Here we provide a tutorial making use of both the Dirchlet multinomial mixture model and the Poisson model. The objective here is perform topic modelling on a text file, in which each line in said file relates to one document. 

# Preamble

We install the package itself, and then the relevant classes:

In [2]:
pip install GPyM-TM==3.0.0

Collecting GPyM-TM==3.0.0
  Downloading https://files.pythonhosted.org/packages/da/88/0816826b5b6d2d9fbf4dfff6d6b9e963d85a5ec8dc8e09d5d2bb2381c347/GPyM_TM-3.0.0-py3-none-any.whl
Installing collected packages: GPyM-TM
  Found existing installation: GPyM-TM 1.3.7
    Uninstalling GPyM-TM-1.3.7:
      Successfully uninstalled GPyM-TM-1.3.7
Successfully installed GPyM-TM-3.0.0


Thus, having loaded the package we now extract the two classes available within the package.

In [3]:
from GPyM_TM import GSDMM
from GPyM_TM import GPM

### Data:

We now read in and load the relevant text file making use of one of the functions available in the package, **load_file**, which places the text file in the necessary format for the package. 

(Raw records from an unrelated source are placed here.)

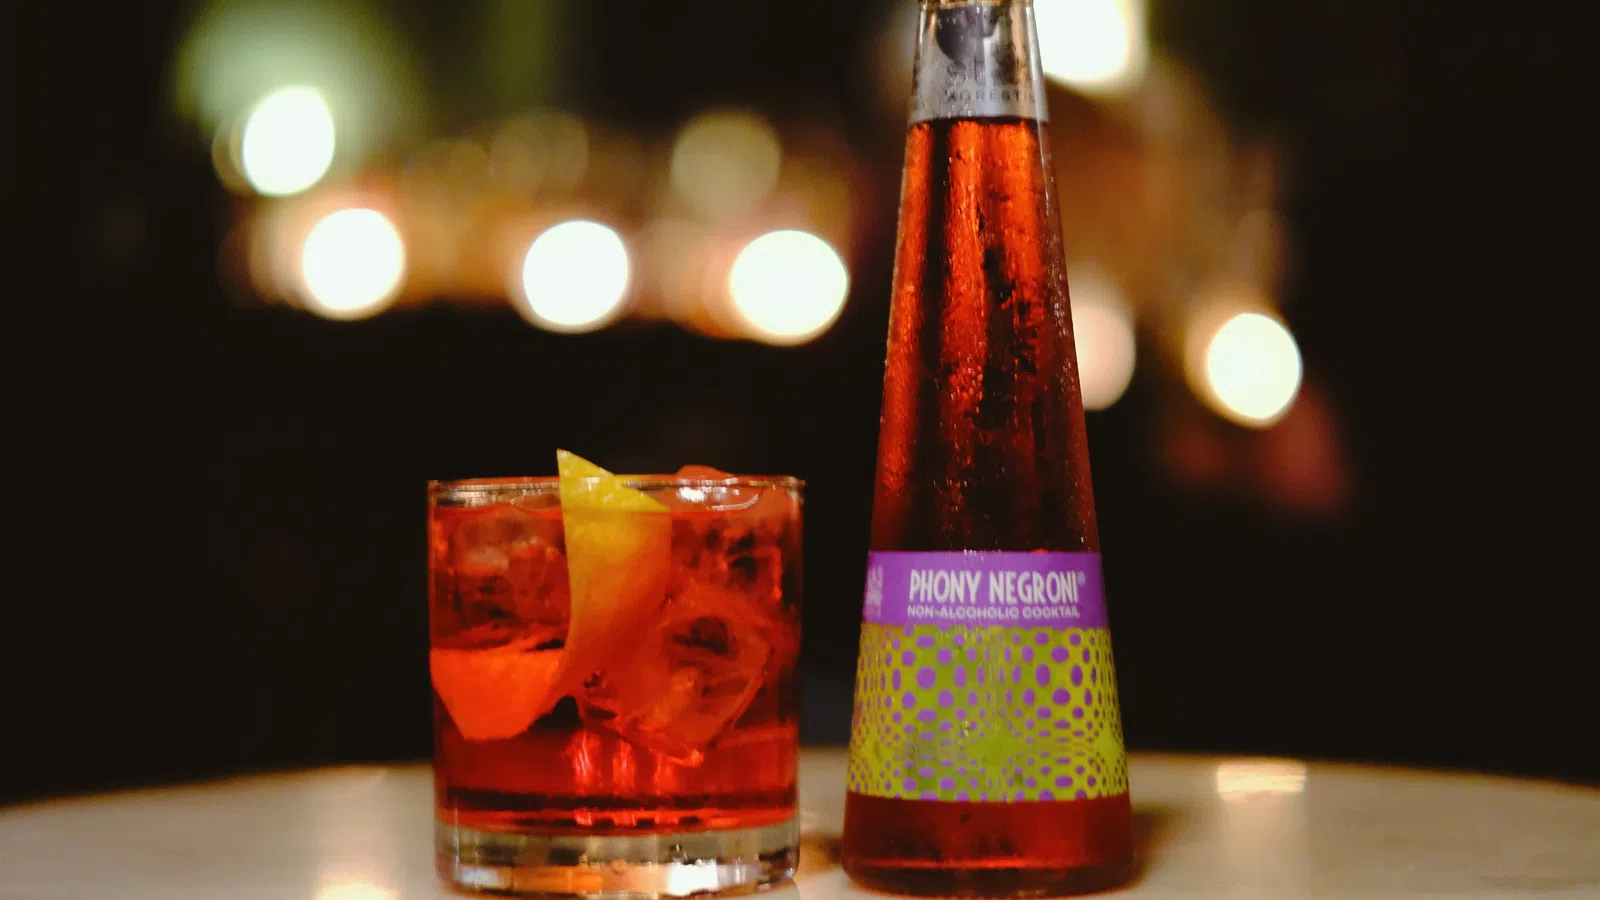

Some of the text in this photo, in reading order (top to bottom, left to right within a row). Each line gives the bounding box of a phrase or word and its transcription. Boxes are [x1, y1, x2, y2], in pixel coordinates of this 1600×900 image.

[909, 569, 981, 605] PHONY
[907, 605, 1080, 620] NON-ALCOHOLIC COCKTAIL
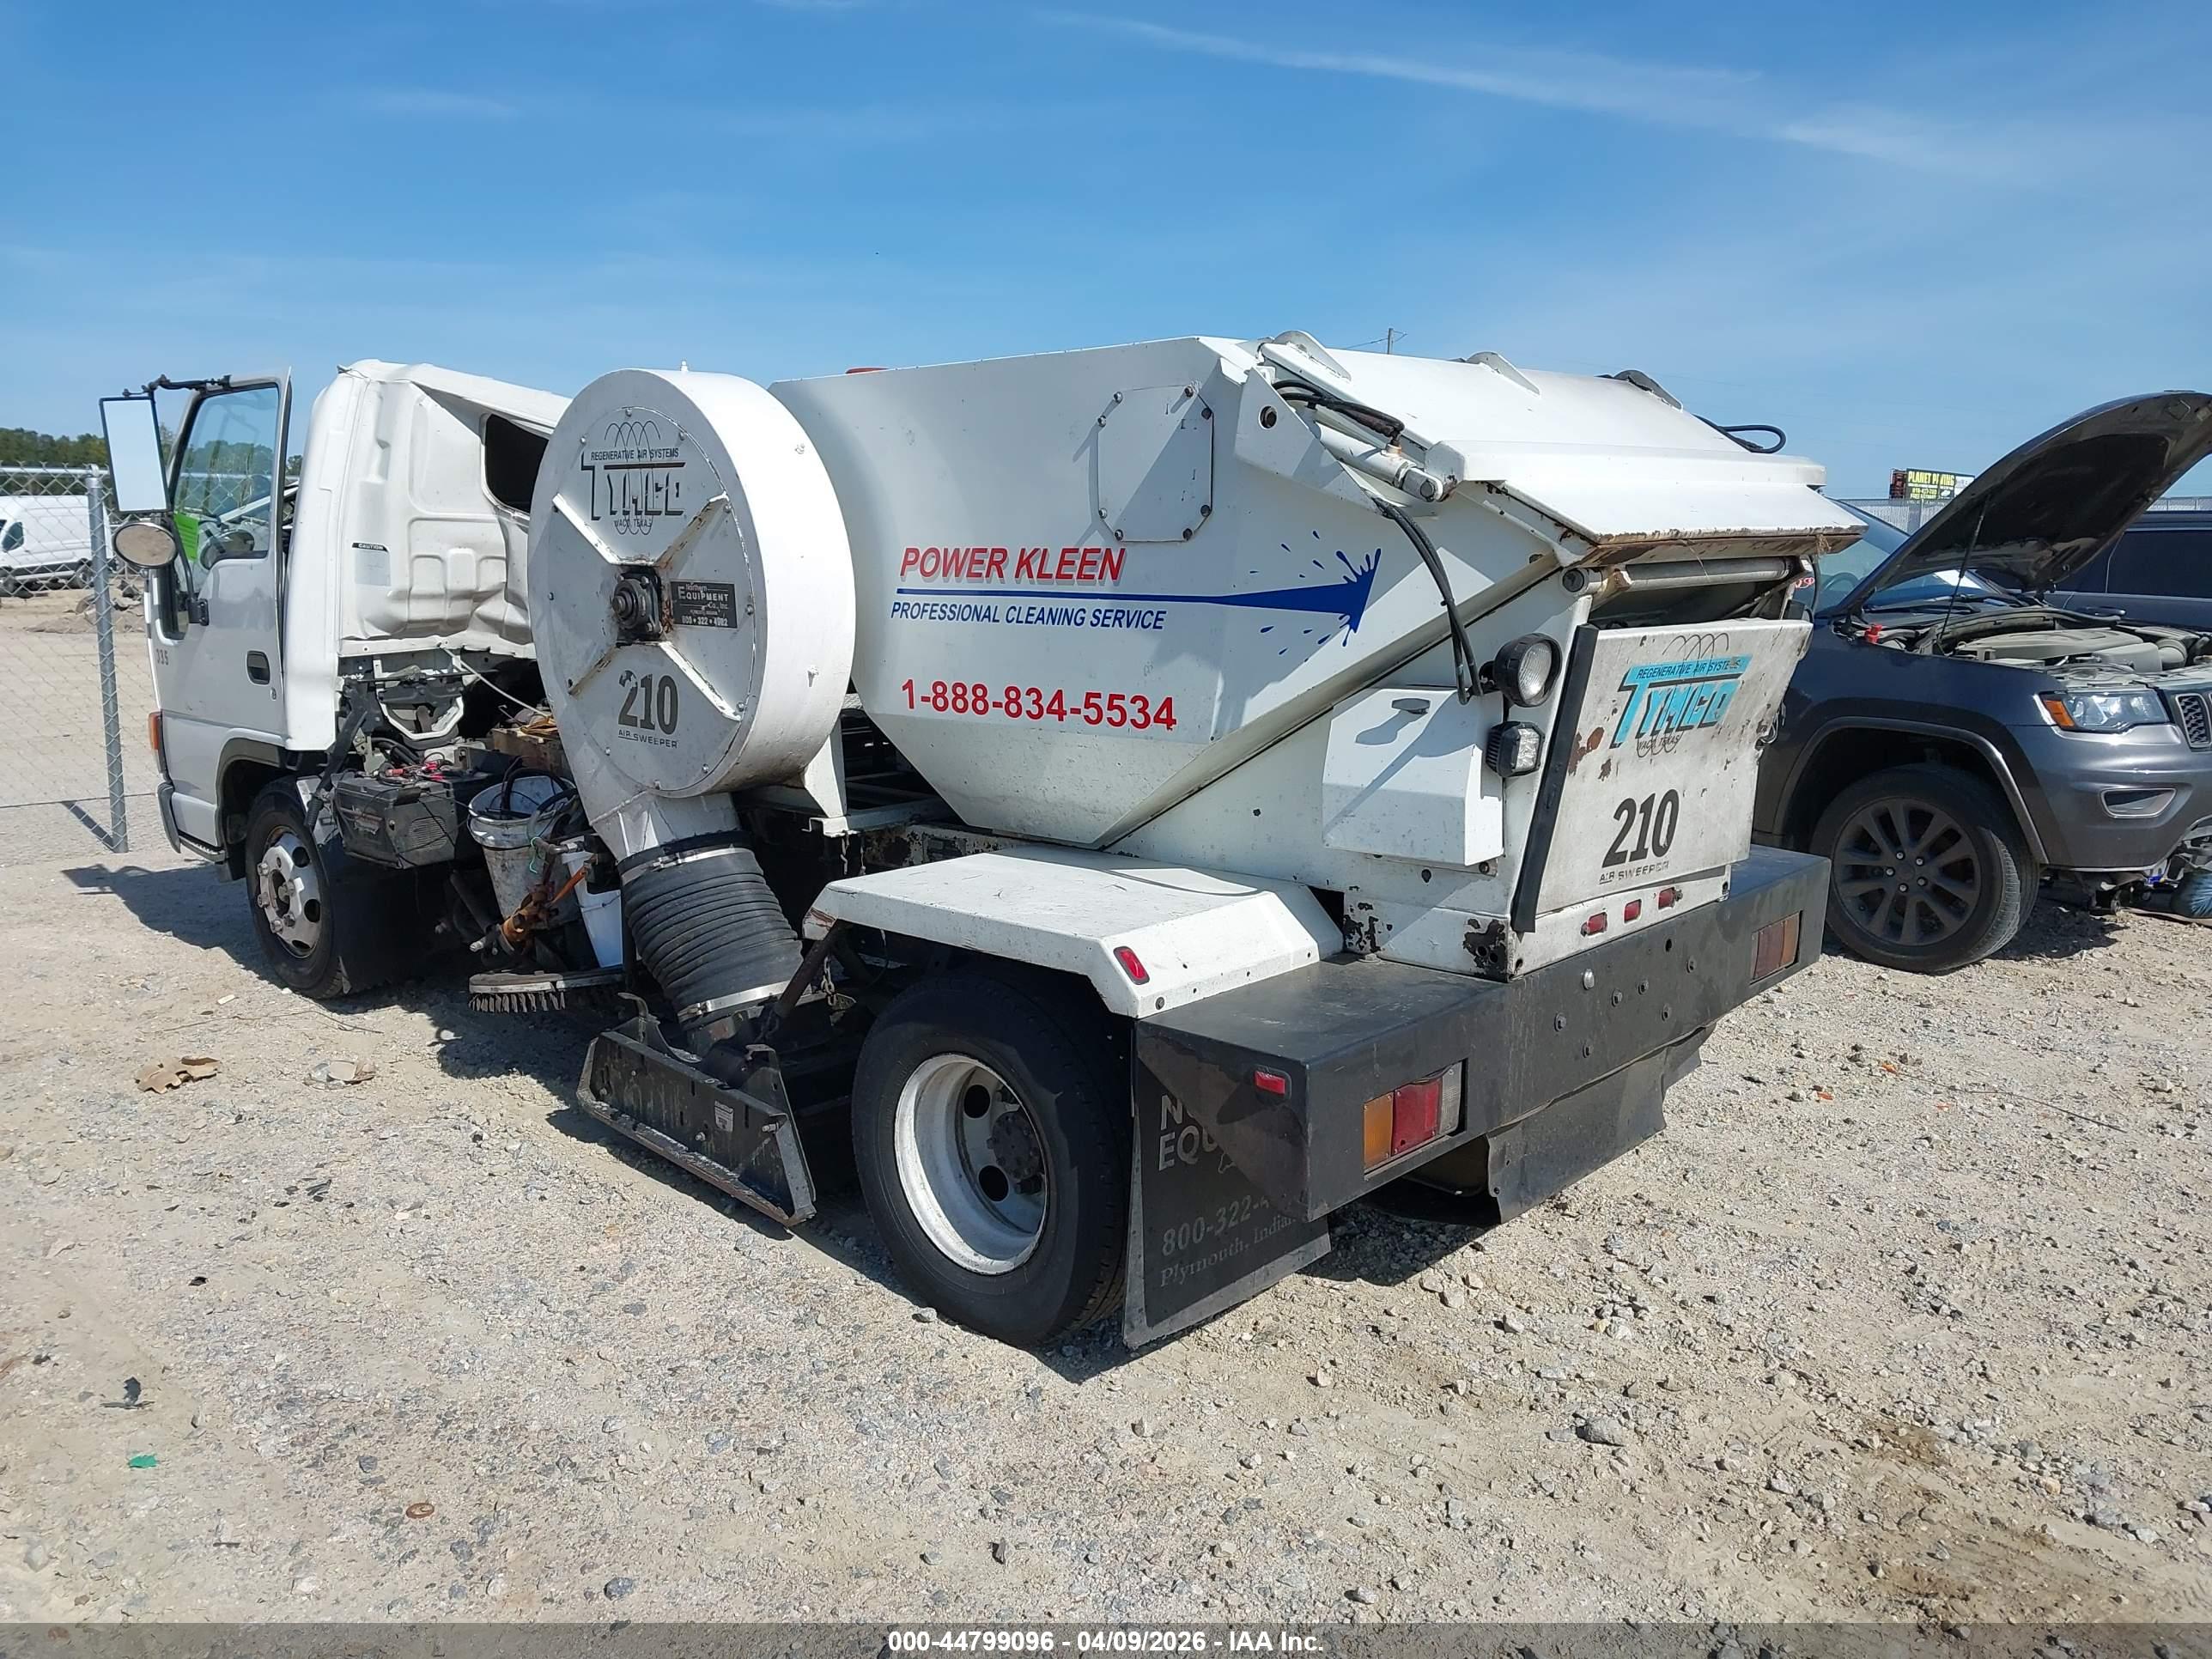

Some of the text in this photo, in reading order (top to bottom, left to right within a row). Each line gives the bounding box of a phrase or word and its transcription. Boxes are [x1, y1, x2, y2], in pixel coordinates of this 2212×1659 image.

[637, 448, 647, 459] AIR
[650, 447, 679, 459] SYSTEMS
[900, 547, 1127, 583] POWER KLEEN
[678, 586, 729, 601] EQUIPMENT
[890, 601, 1166, 629] PROFESSIONAL CLEANING SERVICE
[1693, 662, 1710, 674] AIR
[1709, 659, 1741, 672] SYSTES
[618, 670, 678, 735] 210
[902, 678, 1177, 730] 1-888-834-5534
[1609, 655, 1753, 750] TYMCO
[633, 733, 678, 749] SWEEPER
[1601, 788, 1680, 868] 210

Loading the below allows us to import the text file directly from Google Drive, however this step is not necessary if your text file is stored locally. 

In [4]:
from google.colab import drive
drive.mount("/content/drive")

Drive already mounted at /content/drive; to attempt to forcibly remount, call drive.mount("/content/drive", force_remount=True).


Reading in the data:

In [5]:
name="toy_dataset_cleaned"
filename = ('/content/drive/My Drive/Internship/%s.txt' % name)   

We define the number of topics:

In [6]:
nTopics = 10

Lastly, the text is transformed into the format required by the class, and saved within the variable corpus:

In [7]:
corpus = GSDMM.load_file(filename)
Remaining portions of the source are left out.